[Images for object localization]
◆ ◆ ◆ ◆ ◆ ◆ ◆
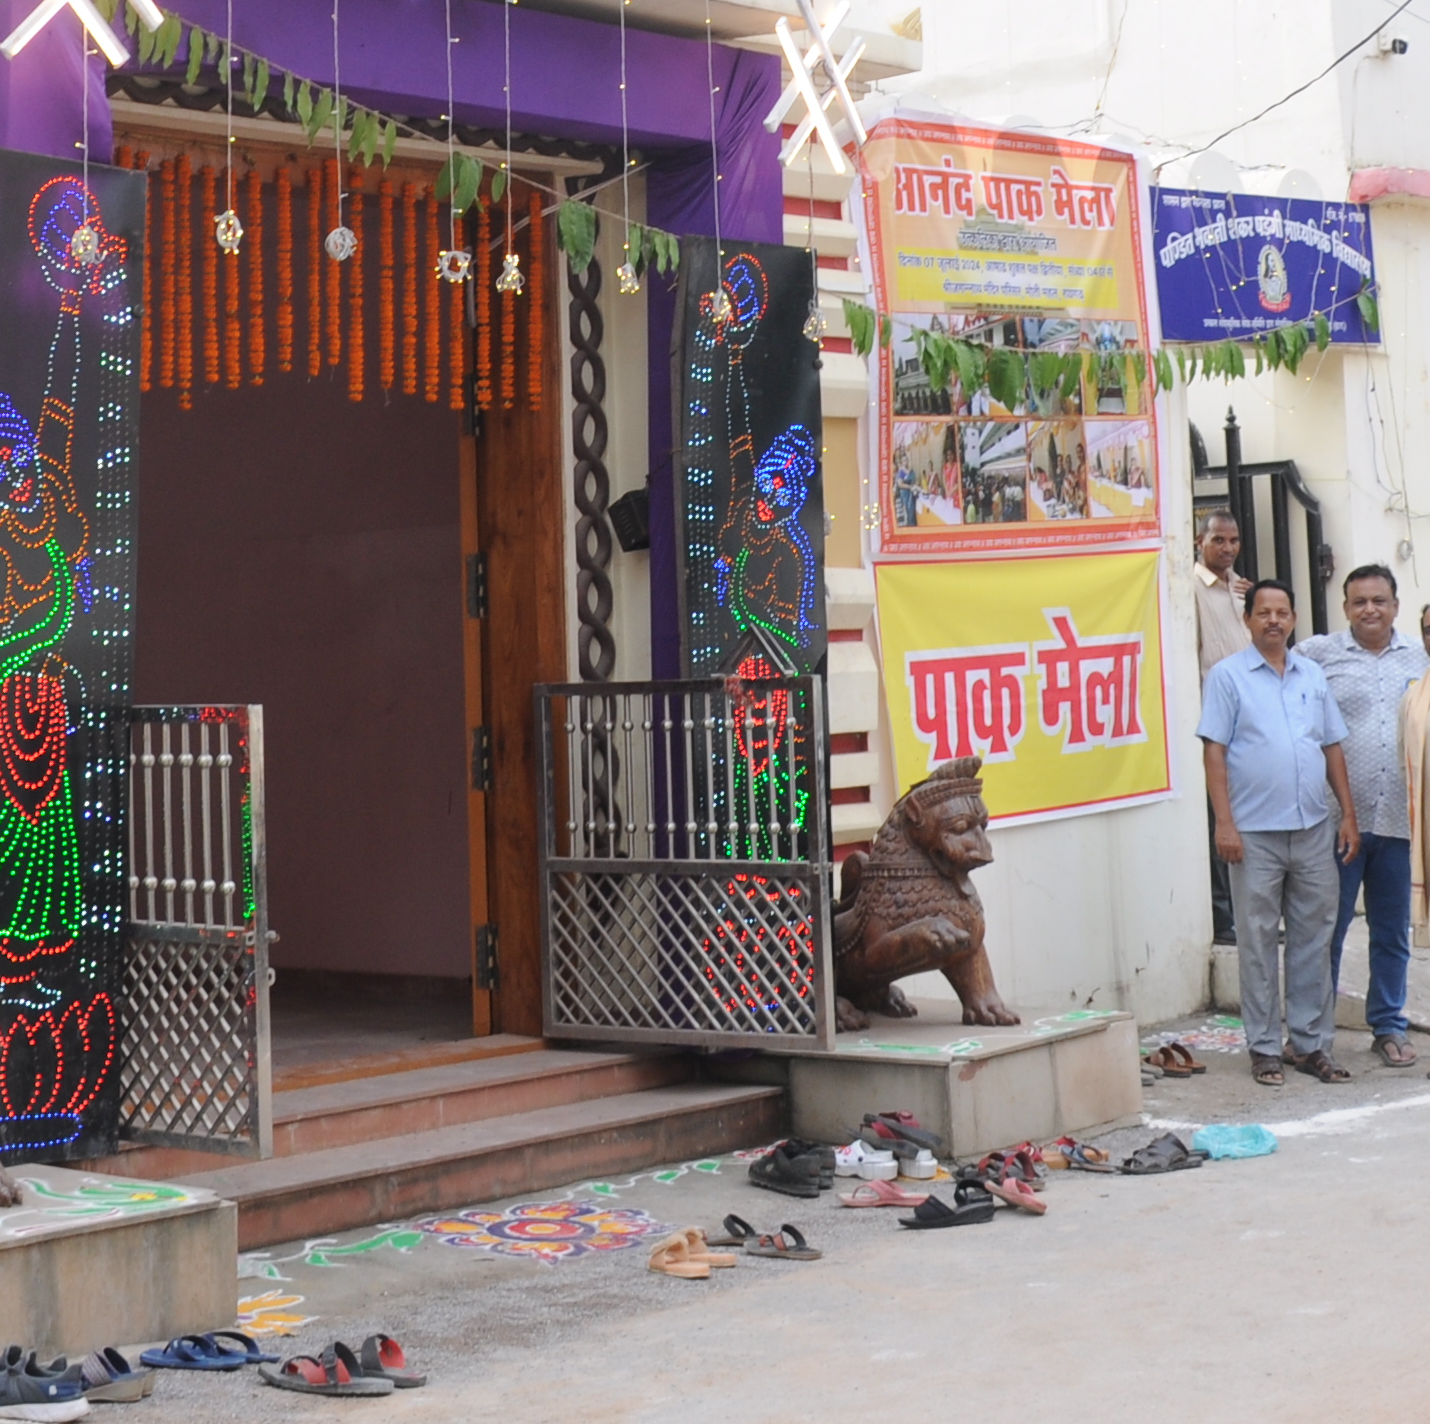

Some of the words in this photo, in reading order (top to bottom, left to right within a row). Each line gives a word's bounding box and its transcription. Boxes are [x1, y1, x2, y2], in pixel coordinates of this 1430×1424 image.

[893, 157, 974, 217] आनंद
[980, 175, 1044, 223] पाक
[1049, 168, 1116, 229] मेला
[908, 650, 1027, 761] पाक
[1036, 615, 1143, 745] मेला
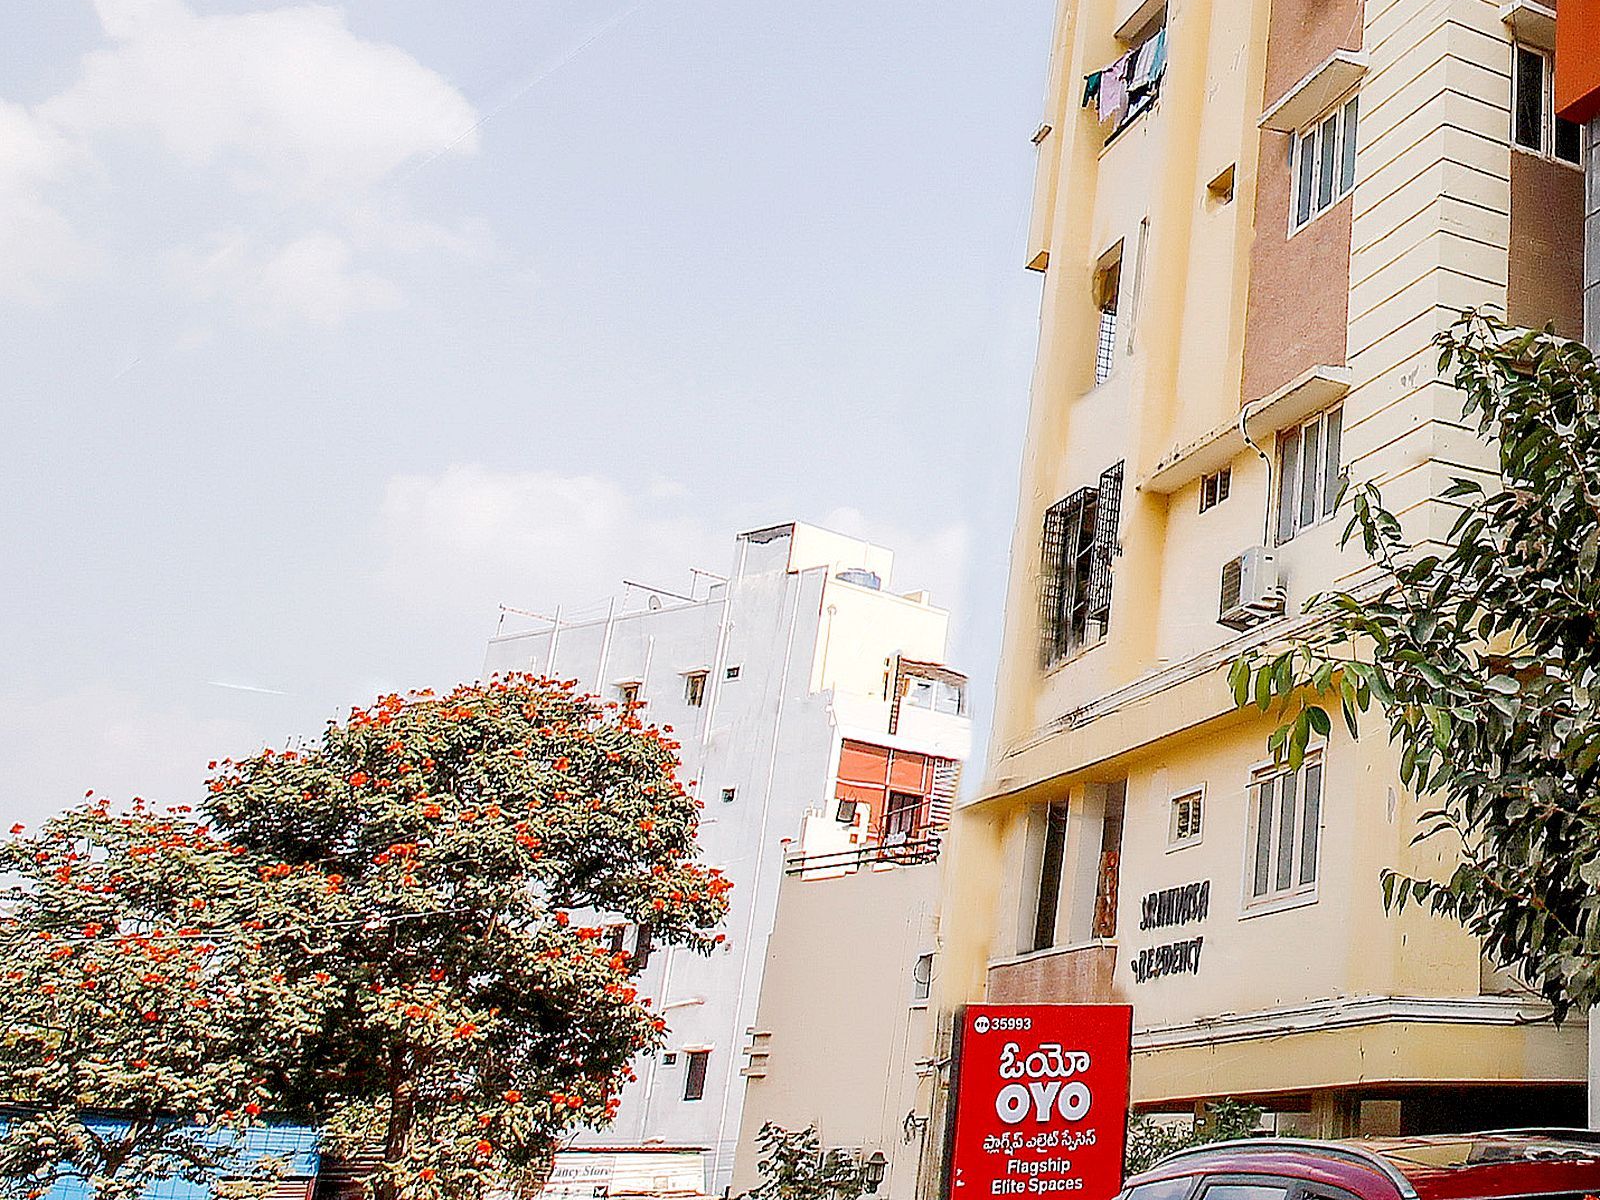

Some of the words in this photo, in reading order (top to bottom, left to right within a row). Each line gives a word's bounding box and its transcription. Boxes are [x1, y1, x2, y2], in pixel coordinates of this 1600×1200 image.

[991, 1017, 1032, 1031] 35993
[999, 1043, 1091, 1079] ఓయో
[996, 1081, 1092, 1123] OYO
[1007, 1157, 1071, 1176] Flagship
[991, 1180, 1026, 1195] Elite
[1028, 1178, 1083, 1195] Spaces
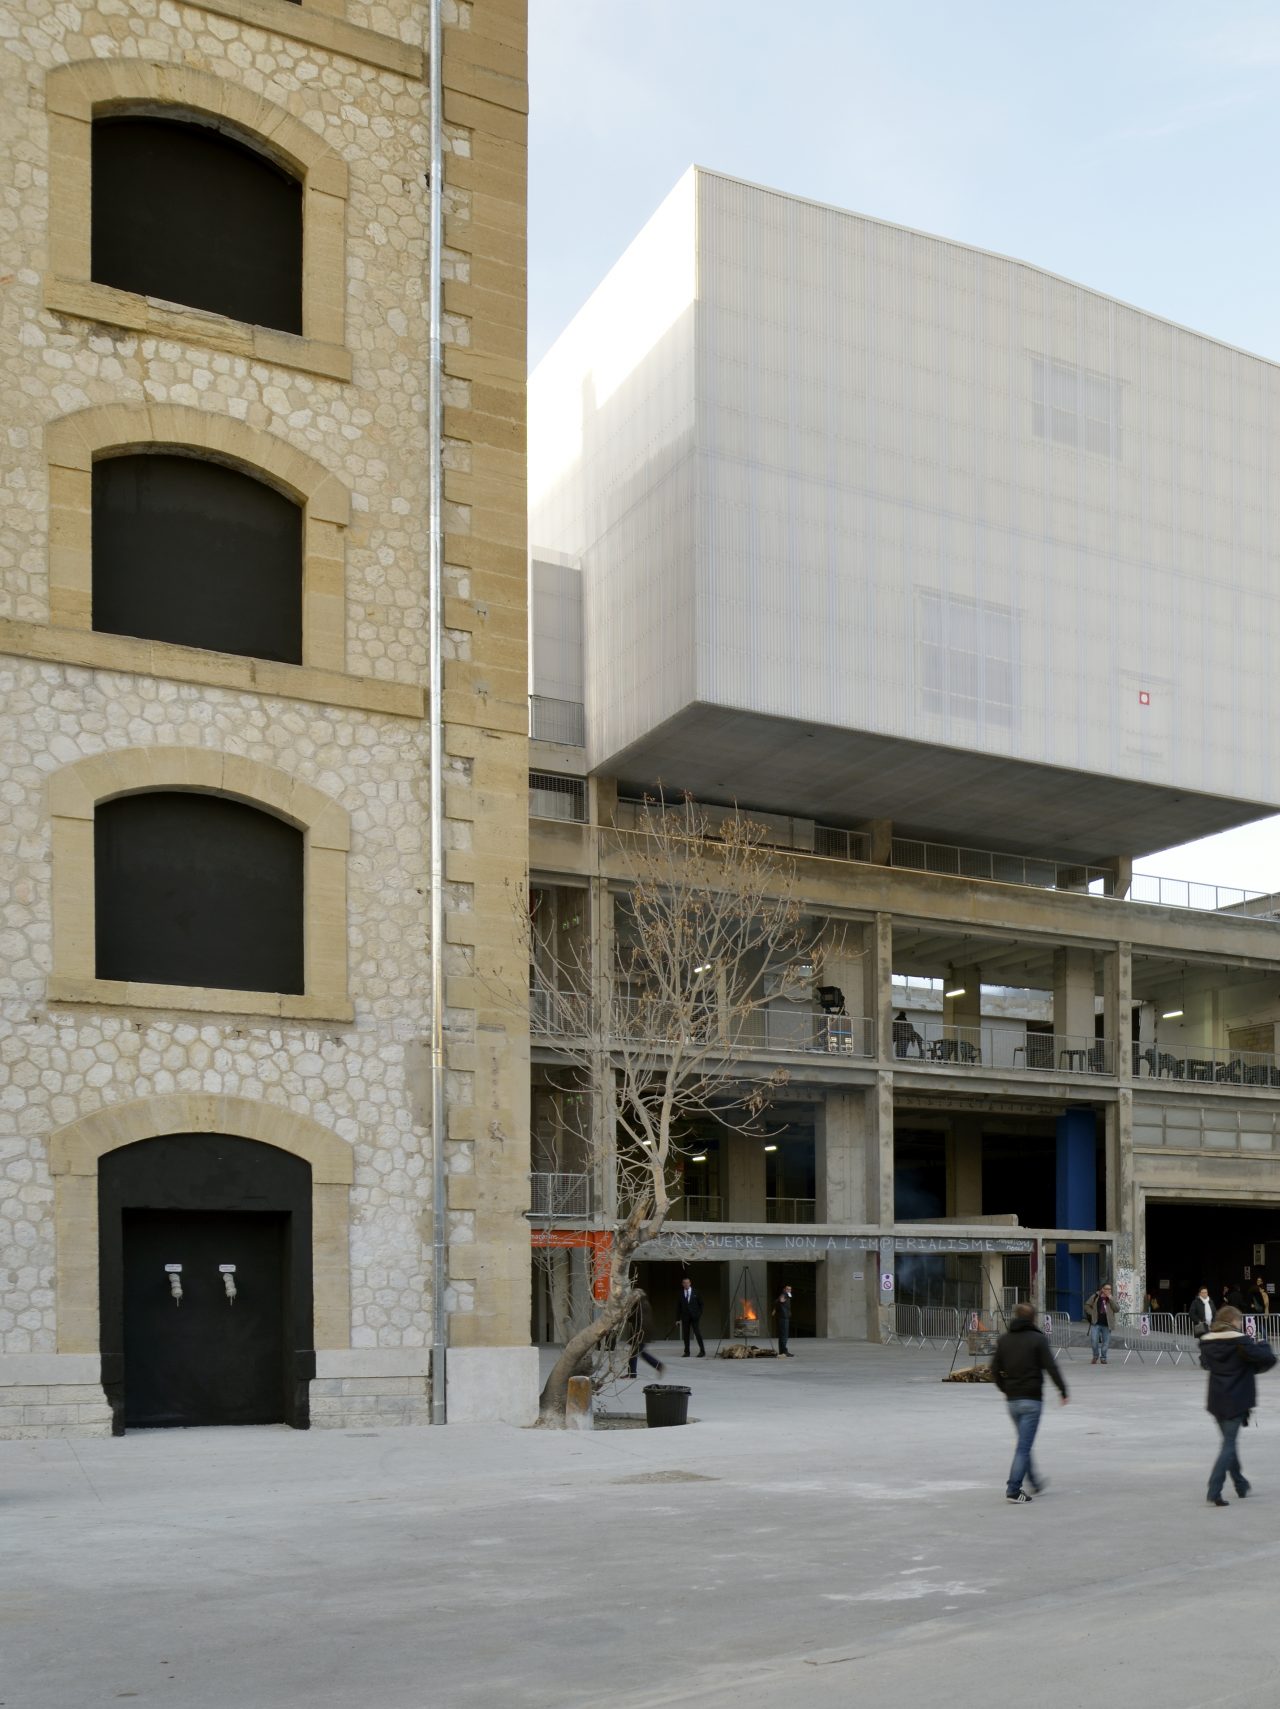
◆ ◆ ◆ ◆ ◆ ◆ ◆
**WORK TO BE COMPLETED**: Where a line contains "this 1600×1200 image.", begin there and set down exactly each line through the end of the data above, omitting any pictures.

**YOUR RESPONSE**:
Some of the words in this photo, in reading order (top to bottom, left to right within a row). Each line gives a word's bounding box and its transcription. Boxes are [x1, y1, x2, y2], in pixel coordinates of this 1600×1200 image.

[991, 1017, 1032, 1031] 35993
[999, 1043, 1091, 1079] ఓయో
[996, 1081, 1092, 1123] OYO
[1007, 1157, 1071, 1176] Flagship
[991, 1180, 1026, 1195] Elite
[1028, 1178, 1083, 1195] Spaces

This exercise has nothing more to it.